Minimum Viable Architecture (MVA) is a streamlined approach to software development that focuses on implementing only the essential architecture required to support a product. Unlike a full microservices setup, MVA emphasizes simplicity and adaptability, allowing startups to achieve scalability without over-engineering
While an MVP (Minimum Viable Product) delivers a basic version of a product to validate market needs, MVA focuses on the underlying architecture needed to support that product’s growth. MVA supports complex functionalities and integrates with a product roadmap, offering flexibility and scalability that the MVP approach alone doesn’t fully address.

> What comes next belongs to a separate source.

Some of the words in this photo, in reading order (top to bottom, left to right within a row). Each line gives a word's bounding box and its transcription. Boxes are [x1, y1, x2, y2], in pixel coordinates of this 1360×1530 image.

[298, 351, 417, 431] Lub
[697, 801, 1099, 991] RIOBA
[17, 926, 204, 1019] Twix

Microservices are powerful but often come with high costs and complexity. MVA is suitable for most startups and small businesses as it avoids over-engineering by providing “Just Enough” architecture, reducing development and maintenance costs while still enabling future growth.
MVA aligns with startup stages, from “Prototype Architecture” in ideation to scalable modules in the growth phase, adapting as the product evolves.
MVA is ideal for startups and product-driven businesses needing a flexible, scalable, and cost-efficient foundation.